(Reuters) – The United States is among several countries to have considered tightening anti-abortion laws, creating new challenges for women wanting to access safe and timely care to terminate a pregnancy.
Here are some key facts on the world’s strictest anti-abortion laws, based on information from the Centre for Reproductive Rights, the Guttmacher Institute, and the World Health Organisation:
– There are 24 countries where abortion is prohibited altogether. Unsafe abortions are more common in countries with restrictive laws, and around 40% of women of reproductive age still live in places where access is illegal or limited.
– El Salvador has some of the world’s most draconian laws.
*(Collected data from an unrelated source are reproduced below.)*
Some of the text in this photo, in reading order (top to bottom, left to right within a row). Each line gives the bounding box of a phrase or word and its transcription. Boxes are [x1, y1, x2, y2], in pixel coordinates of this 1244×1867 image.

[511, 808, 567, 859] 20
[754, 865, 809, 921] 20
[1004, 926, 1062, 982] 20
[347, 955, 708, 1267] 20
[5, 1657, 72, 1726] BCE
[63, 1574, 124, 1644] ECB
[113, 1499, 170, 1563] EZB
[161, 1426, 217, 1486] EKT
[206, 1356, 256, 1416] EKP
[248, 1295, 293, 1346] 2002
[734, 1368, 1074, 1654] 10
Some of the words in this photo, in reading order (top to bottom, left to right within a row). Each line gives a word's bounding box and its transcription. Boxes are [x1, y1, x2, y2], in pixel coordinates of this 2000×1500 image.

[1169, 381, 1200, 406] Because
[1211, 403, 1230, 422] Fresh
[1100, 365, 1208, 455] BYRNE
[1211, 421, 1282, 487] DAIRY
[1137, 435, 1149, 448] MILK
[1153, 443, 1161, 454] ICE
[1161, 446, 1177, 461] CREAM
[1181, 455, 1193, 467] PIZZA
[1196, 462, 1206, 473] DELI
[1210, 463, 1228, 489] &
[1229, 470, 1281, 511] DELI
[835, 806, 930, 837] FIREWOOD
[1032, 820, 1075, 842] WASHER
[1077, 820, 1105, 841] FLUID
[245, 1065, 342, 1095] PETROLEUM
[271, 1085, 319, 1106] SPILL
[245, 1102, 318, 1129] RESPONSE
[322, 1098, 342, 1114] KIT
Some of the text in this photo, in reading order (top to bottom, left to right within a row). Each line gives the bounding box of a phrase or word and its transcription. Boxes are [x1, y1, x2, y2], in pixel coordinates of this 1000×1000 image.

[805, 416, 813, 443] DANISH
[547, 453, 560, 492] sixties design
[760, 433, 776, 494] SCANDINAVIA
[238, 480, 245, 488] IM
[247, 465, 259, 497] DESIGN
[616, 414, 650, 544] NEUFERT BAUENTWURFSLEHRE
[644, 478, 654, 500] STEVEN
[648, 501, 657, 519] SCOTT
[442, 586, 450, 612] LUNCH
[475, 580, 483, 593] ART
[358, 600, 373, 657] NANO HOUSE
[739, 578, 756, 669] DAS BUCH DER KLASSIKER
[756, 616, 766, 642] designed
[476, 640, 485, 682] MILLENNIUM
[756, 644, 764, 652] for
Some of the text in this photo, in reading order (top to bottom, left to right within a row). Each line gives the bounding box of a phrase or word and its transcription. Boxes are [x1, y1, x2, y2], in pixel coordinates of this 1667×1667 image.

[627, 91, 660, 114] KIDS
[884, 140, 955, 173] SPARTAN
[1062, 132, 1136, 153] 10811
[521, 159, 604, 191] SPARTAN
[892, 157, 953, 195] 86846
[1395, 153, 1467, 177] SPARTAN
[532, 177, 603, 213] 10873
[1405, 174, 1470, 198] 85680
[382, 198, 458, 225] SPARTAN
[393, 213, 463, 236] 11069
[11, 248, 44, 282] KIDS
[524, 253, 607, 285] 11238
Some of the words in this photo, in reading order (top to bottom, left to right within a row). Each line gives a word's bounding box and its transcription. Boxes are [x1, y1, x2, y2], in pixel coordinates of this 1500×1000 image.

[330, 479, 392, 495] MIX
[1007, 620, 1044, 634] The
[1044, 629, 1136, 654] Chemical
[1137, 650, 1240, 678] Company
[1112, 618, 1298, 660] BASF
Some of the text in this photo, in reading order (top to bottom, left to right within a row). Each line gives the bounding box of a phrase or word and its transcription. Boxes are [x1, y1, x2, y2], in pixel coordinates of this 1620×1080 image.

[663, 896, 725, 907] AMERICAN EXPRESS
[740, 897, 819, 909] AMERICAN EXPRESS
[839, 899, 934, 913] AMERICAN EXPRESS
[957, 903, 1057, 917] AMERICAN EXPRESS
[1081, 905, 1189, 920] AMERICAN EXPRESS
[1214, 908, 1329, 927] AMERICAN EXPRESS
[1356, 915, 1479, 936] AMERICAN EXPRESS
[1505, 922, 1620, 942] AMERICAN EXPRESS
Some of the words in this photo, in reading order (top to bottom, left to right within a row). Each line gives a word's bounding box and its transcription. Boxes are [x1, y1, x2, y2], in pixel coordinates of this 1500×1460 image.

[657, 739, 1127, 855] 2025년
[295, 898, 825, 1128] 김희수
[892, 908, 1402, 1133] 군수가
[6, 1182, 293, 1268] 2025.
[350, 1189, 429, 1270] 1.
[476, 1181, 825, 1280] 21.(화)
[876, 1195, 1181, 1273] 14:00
The procedure has been banned without exception since 1998. More than 180 women who experienced obstetric emergencies were prosecuted for abortion or aggravated homicide in the last 20 years.
– Women in Malta are denied access to abortion entirely, even if their lives are at risk. It is the only EU member state that prohibits the procedure and women, who could face up to three years in jail, are often left with no option but to order pills or travel abroad.
– In Senegal, the abortion law is “restrictive and unclear”. The country completely prohibits it but the code of medical ethics allows it if three doctors agree it is needed to save a woman’s life. A 2014 study showed the rules force women to seek clandestine abortions and, as a last resort, kill their own infants.
– In the UAE, abortion is illegal except if the pregnancy endangers the woman’s life or there is evidence the baby will not survive. Women could face up to one year in prison and/or a hefty fine. Women who seek hospital treatment for a miscarriage may be accused of attempted abortion.
– Anti-abortion laws in the Philippines derive from its time as a colony of Spain. Abortion has been prohibited for over a century, and about 1,000 Filipino women die each year from complications. Spain, meanwhile, is among more than 50 countries which have liberalised abortion laws over the last 25 years.